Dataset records
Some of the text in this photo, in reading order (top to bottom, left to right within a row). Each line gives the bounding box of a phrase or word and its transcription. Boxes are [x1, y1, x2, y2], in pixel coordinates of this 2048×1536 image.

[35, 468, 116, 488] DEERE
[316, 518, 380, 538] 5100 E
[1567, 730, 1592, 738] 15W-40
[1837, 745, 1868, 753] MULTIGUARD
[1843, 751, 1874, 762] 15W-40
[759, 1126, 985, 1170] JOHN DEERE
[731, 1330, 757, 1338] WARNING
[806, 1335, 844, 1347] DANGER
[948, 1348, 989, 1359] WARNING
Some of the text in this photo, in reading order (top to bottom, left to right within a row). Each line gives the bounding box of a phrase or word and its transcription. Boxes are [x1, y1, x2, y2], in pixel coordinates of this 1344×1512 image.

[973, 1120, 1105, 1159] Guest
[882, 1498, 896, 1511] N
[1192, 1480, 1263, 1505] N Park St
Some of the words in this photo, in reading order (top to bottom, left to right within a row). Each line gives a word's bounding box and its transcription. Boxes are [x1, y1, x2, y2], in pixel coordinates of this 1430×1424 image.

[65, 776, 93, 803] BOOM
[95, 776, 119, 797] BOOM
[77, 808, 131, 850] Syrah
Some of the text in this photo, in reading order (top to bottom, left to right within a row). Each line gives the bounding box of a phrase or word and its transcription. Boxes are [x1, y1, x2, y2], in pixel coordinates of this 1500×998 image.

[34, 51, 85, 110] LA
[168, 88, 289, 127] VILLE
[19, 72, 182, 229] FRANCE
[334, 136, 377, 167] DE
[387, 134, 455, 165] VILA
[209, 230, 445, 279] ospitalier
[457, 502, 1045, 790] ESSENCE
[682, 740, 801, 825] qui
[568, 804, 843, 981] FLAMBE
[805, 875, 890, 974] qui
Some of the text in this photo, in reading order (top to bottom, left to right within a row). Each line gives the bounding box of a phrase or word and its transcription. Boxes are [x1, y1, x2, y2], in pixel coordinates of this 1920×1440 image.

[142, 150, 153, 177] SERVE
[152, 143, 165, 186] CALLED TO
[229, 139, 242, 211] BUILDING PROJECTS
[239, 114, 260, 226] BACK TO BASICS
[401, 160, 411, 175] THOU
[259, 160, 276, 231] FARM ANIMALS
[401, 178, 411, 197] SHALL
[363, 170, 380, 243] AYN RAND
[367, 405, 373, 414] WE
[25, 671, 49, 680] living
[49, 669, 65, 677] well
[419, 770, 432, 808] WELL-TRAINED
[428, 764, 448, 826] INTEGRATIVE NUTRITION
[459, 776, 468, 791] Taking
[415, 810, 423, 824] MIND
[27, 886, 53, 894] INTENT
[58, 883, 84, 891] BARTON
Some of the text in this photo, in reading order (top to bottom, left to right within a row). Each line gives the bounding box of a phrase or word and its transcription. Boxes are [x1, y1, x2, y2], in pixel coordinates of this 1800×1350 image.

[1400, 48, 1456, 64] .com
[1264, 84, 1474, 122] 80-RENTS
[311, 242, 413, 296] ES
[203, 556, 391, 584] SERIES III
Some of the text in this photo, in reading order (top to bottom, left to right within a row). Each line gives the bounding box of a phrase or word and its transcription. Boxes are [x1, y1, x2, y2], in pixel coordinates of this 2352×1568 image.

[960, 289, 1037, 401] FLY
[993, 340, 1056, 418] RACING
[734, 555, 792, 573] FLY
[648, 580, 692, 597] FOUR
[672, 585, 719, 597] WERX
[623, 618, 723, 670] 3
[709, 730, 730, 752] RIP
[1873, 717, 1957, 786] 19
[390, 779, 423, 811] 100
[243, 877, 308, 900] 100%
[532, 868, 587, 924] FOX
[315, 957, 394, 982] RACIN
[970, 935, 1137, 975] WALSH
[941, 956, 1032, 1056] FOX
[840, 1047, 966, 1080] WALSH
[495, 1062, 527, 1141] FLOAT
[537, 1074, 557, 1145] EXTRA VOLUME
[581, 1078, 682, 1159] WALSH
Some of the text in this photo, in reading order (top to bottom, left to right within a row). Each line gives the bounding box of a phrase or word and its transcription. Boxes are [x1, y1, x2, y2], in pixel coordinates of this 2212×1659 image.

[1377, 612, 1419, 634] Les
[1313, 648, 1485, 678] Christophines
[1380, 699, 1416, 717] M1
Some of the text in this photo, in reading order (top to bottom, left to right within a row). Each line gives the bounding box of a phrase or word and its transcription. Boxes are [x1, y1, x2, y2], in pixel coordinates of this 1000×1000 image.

» **EXERCISE AIM**: Output only the lines from the one with "this 2352×1568 image." through the last line of the entries above; please keep them exact.

» **YOUR SOLUTION**:
Some of the text in this photo, in reading order (top to bottom, left to right within a row). Each line gives the bounding box of a phrase or word and its transcription. Boxes are [x1, y1, x2, y2], in pixel coordinates of this 2352×1568 image.

[960, 289, 1037, 401] FLY
[993, 340, 1056, 418] RACING
[734, 555, 792, 573] FLY
[648, 580, 692, 597] FOUR
[672, 585, 719, 597] WERX
[623, 618, 723, 670] 3
[709, 730, 730, 752] RIP
[1873, 717, 1957, 786] 19
[390, 779, 423, 811] 100
[243, 877, 308, 900] 100%
[532, 868, 587, 924] FOX
[315, 957, 394, 982] RACIN
[970, 935, 1137, 975] WALSH
[941, 956, 1032, 1056] FOX
[840, 1047, 966, 1080] WALSH
[495, 1062, 527, 1141] FLOAT
[537, 1074, 557, 1145] EXTRA VOLUME
[581, 1078, 682, 1159] WALSH
Some of the text in this photo, in reading order (top to bottom, left to right within a row). Each line gives the bounding box of a phrase or word and its transcription. Boxes are [x1, y1, x2, y2], in pixel coordinates of this 2212×1659 image.

[1377, 612, 1419, 634] Les
[1313, 648, 1485, 678] Christophines
[1380, 699, 1416, 717] M1
Some of the text in this photo, in reading order (top to bottom, left to right within a row). Each line gives the bounding box of a phrase or word and its transcription. Boxes are [x1, y1, x2, y2], in pixel coordinates of this 1000×1000 image.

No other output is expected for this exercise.